This post is one of a series on projects supported by the Anderson Cabot Center’s Marine Conservation Action Fund (MCAF). Through MCAF, we support researchers, conservationists, and grassroots organizations around the world as they work to address the most challenging problems facing the oceans.

Today’s guest post comes from Jamie Aquino, director of the Haiti Ocean Project.

The waters off the coast of Haiti are full of marine life. Yet many of the species that inhabit these waters are not well documented.

With support from the Marine Conservation Action Fund (MCAF), the Haiti Ocean Project is working to change that by launching a marine ecosystem monitoring network in collaboration with local fishermen. Since 2007, Haiti Ocean Project has focused on the protection and preservation of marine mammals, sea turtles, sharks, and rays. It is these species groups that are the subject of the monitoring network that will focus on the Canal de la Gonave, a marine channel that extends along the inner southern peninsula of Haiti.
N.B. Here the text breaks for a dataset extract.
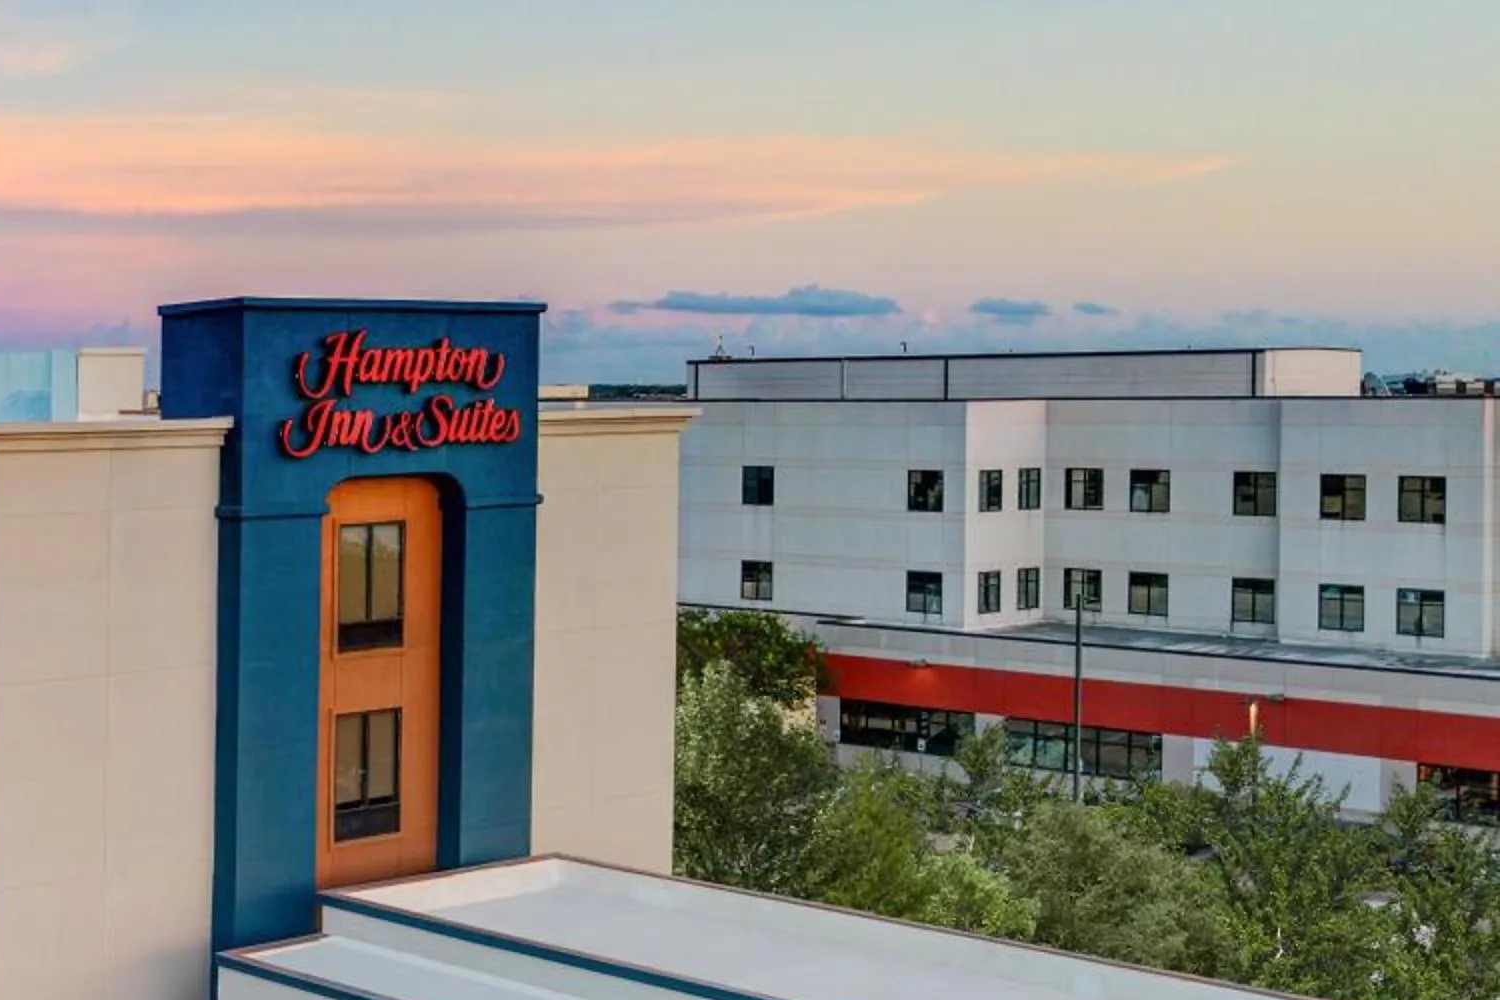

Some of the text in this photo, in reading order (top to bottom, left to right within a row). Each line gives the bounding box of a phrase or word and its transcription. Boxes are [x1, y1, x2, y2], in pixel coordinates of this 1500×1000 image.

After meeting with fishermen in the key fishing villages along the Canal de la Gonave, where they were given custom-made Haiti marine guides and iPhones with waterproof cases, the fishermen provided weekly photos, videos, and information about any sightings or encounters with marine mammals, rays, sea turtles, and shark species. Over the past year, the sightings were numerous and detailed. The sightings of marine species that had not been previously documented in Canal de la Gonave, such as false killer whale, minke whale, black-tip reef shark, lemon shark, and loggerhead and leatherback sea turtle, was very exciting!

 

The following marine species were documented by fishermen in the monitoring network from 2017 to 2018:

 

Marine mammals: sperm whale, dwarf sperm whale, West Indian manatee, humpback whale, false killer whale, Cuvier’s beaked whale, short-finned pilot whale, minke whale, orca, bottlenose dolphin, pantropical spotted dolphin, Risso’s dolphin, rough-toothed dolphin, and long-snouted spinner dolphin

 

Sharks: bull shark, great hammerhead shark, tiger shark, nurse shark, blacktip reef shark, Caribbean reef shark, silky shark, oceanic whitetip shark, lemon shark, blue shark, whale shark, and smalltooth sawfish

 

Rays: Giant manta ray, spotted eagle ray, Atlantic devil ray, southern ray, yellow stingray, and bluespotted ribbontail ray

 

Sea turtles: Hawksbill, Atlantic green, loggerhead, and leatherback

 

In addition, this monitoring network has also helped us uncover some important scientific information: specifically, that there are three significant pupping grounds for endangered oceanic whitetip sharks, that three fishing villages are key nesting sites for critically endangered hawksbill sea turtles, and that sperm whale calves are present not only in the fall, but also in the late spring.

group of participants in Haiti Ocean Project
With support in part from MCAF, Jamie Aquino, founder and director of the Haiti Ocean Project, launched a marine ecosystem monitoring network in collaboration with local fishermen. Here Jamie (second from left) and Project Coordinator Francklin Barbier (in white T-shirt) distribute species ID guides to fishermen in Petit Trou de Nippes, Haiti.

Haiti Ocean Project Founder and President Jamie Aquino is excited about how this monitoring network has helped generate interest from sea turtle, shark, whale, and dolphin experts who are now eager to conduct research on certain key species. With all the information, photos, and videos acquired from the monitoring network, Haiti Ocean Project is in a position to begin development of Haiti’s first sea turtle hospital and rehabilitation facility and establish whale and dolphin watching tours in Haiti.

girl holding sea turtle
Local youth play a key role in the Haiti Ocean Project marine research and conservation programs. Here, Chamerine Calixte tends to a green sea turtle that was saved from a fisherman's net and later released back to the sea.

Importantly, in addition to collaborating with local fishermen in this groundbreaking research and conservation program, the Haiti Ocean Project is also involving local youth. Aquino notes that youth “play a vital role in Haiti Ocean Project, participating in all aspects of our marine conservation platform. We create positions for these youth based on their interests, their talents, their time constraints. We outreach to all the fishing villages in our region, conducting workshops in the local schools, to introduce the school kids to Haiti Ocean Project. Some of our youth are relatives or friends of other youth who are involved, so it turns into a form of networking that works … When a group of our youth release a sea turtle and share their pics and videos with others, then those other youth want to be a part of the next sea turtle release!”

dolphins swim in Haiti
The Haiti Ocean Project fishermen's network has documented 14 marine mammal species in Canal de la Gonave, including the pantropical spotted dolphins shown here. | Photo: Haiti Ocean Project

Through launching the monitoring network, building collaborations with fishermen, and fostering the next generation of environmental leaders, Aquino and Haiti Ocean Project are working to create a brighter future for marine life in Haiti and the communities that depend on it.